EXERCISE REQUIREMENTS
An exact copy of every entry is needed here; the images stay out.
··· SUPPLIED DATA
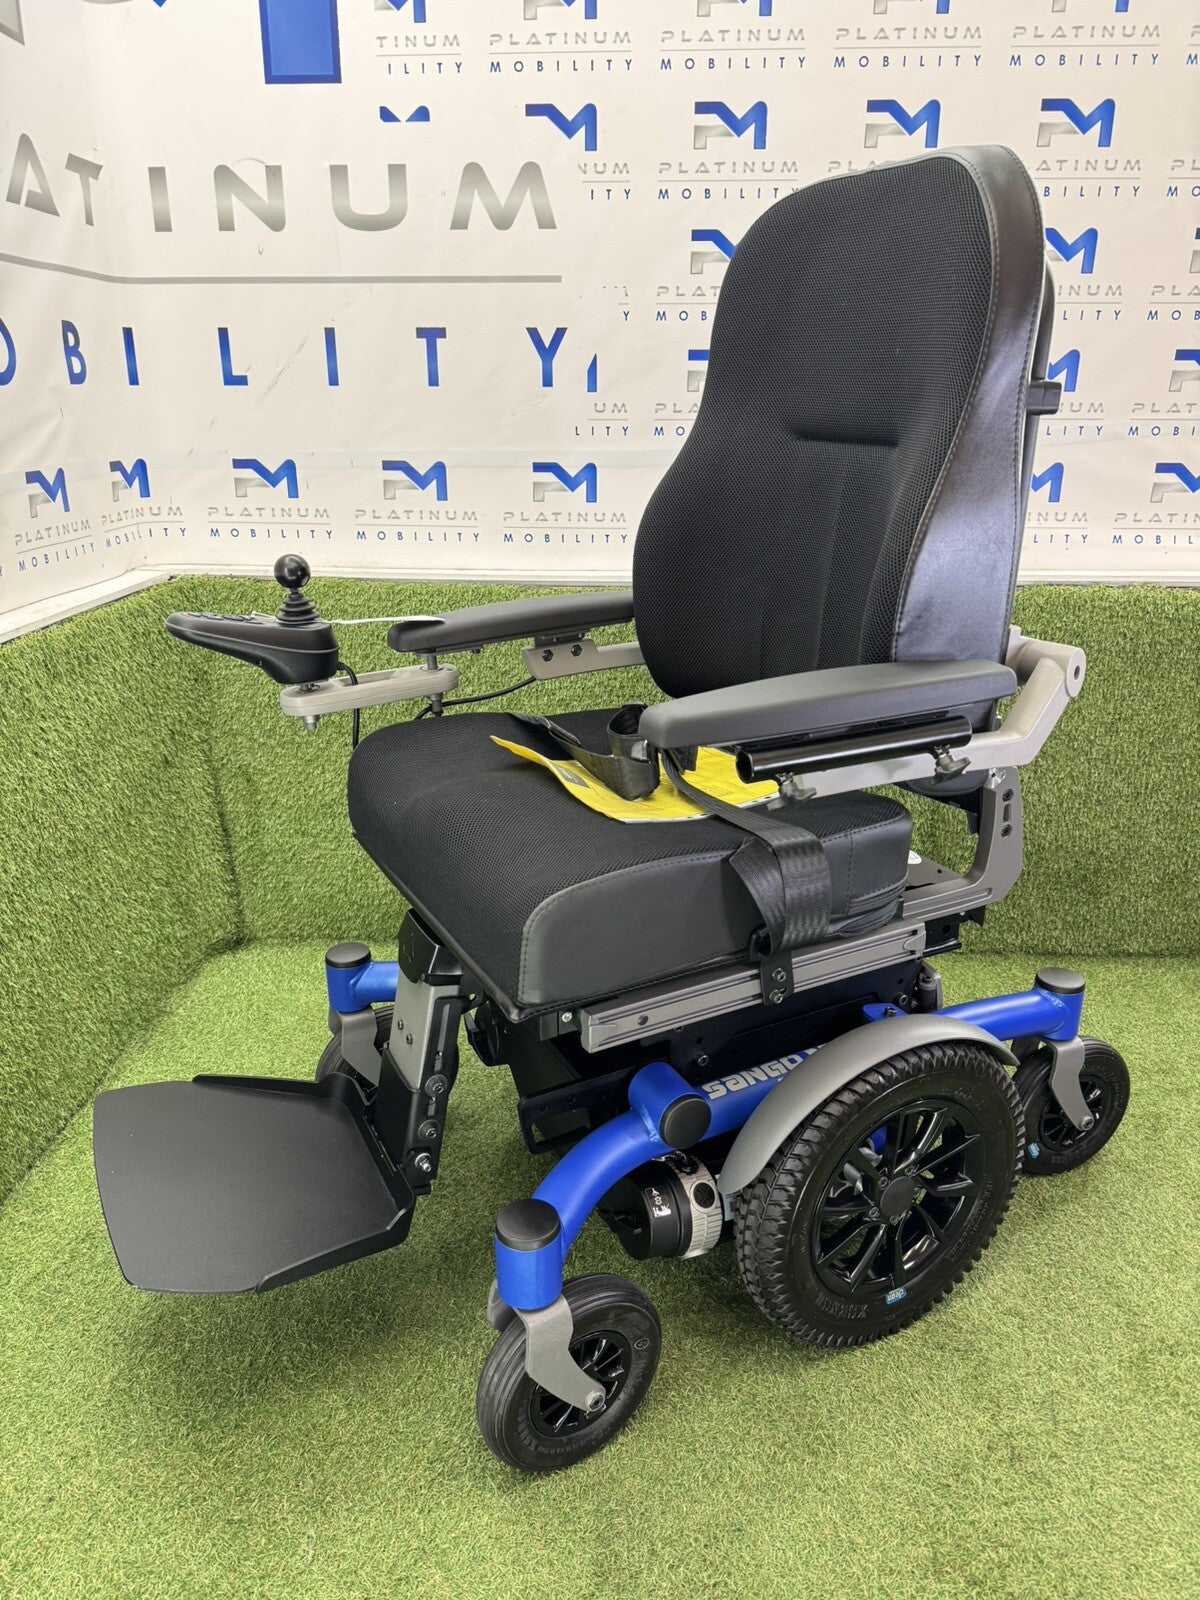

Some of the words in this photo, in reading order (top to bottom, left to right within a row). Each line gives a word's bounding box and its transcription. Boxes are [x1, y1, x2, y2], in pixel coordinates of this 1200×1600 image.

[662, 29, 805, 42] PLATINUM
[836, 27, 981, 40] PLATINUM
[1013, 25, 1160, 38] PLATINUM
[490, 31, 631, 45] PLATINUM
[660, 57, 805, 70] MOBILITY
[834, 55, 981, 68] MOBILITY
[1010, 54, 1159, 66] MOBILITY
[490, 59, 632, 73] MOBILITY
[659, 161, 798, 173] PLATINUM
[1036, 159, 1141, 171] ATINUM
[6, 133, 557, 232] ATINUM
[1044, 186, 1140, 197] BILITY
[1058, 285, 1122, 296] INUM
[1063, 310, 1121, 320] LITY
[1132, 403, 1197, 413] PLAT
[1046, 426, 1103, 435] LITY
[1128, 426, 1195, 436] MOBI
[101, 507, 183, 525] PLATINUM
[208, 507, 329, 518] PLATINUM
[355, 509, 477, 520] PLATINUM
[503, 512, 626, 522] PLATINUM
[1028, 512, 1087, 522] INUM
[15, 519, 91, 546] PLATINUM
[106, 528, 186, 548] MOBILITY
[210, 528, 332, 539] MOBILITY
[357, 531, 479, 542] MOBILITY
[504, 533, 627, 543] MOBILITY
[1034, 534, 1088, 543] LITY
[1112, 535, 1193, 544] MOBIL
[18, 543, 95, 571] MOBILITY
······
SOLUTION TO THIS TASK
Some of the words in this photo, in reading order (top to bottom, left to right within a row). Each line gives a word's bounding box and its transcription. Boxes are [x1, y1, x2, y2], in pixel coordinates of this 1200×1600 image.

[662, 29, 805, 42] PLATINUM
[836, 27, 981, 40] PLATINUM
[1013, 25, 1160, 38] PLATINUM
[490, 31, 631, 45] PLATINUM
[660, 57, 805, 70] MOBILITY
[834, 55, 981, 68] MOBILITY
[1010, 54, 1159, 66] MOBILITY
[490, 59, 632, 73] MOBILITY
[659, 161, 798, 173] PLATINUM
[1036, 159, 1141, 171] ATINUM
[6, 133, 557, 232] ATINUM
[1044, 186, 1140, 197] BILITY
[1058, 285, 1122, 296] INUM
[1063, 310, 1121, 320] LITY
[1132, 403, 1197, 413] PLAT
[1046, 426, 1103, 435] LITY
[1128, 426, 1195, 436] MOBI
[101, 507, 183, 525] PLATINUM
[208, 507, 329, 518] PLATINUM
[355, 509, 477, 520] PLATINUM
[503, 512, 626, 522] PLATINUM
[1028, 512, 1087, 522] INUM
[15, 519, 91, 546] PLATINUM
[106, 528, 186, 548] MOBILITY
[210, 528, 332, 539] MOBILITY
[357, 531, 479, 542] MOBILITY
[504, 533, 627, 543] MOBILITY
[1034, 534, 1088, 543] LITY
[1112, 535, 1193, 544] MOBIL
[18, 543, 95, 571] MOBILITY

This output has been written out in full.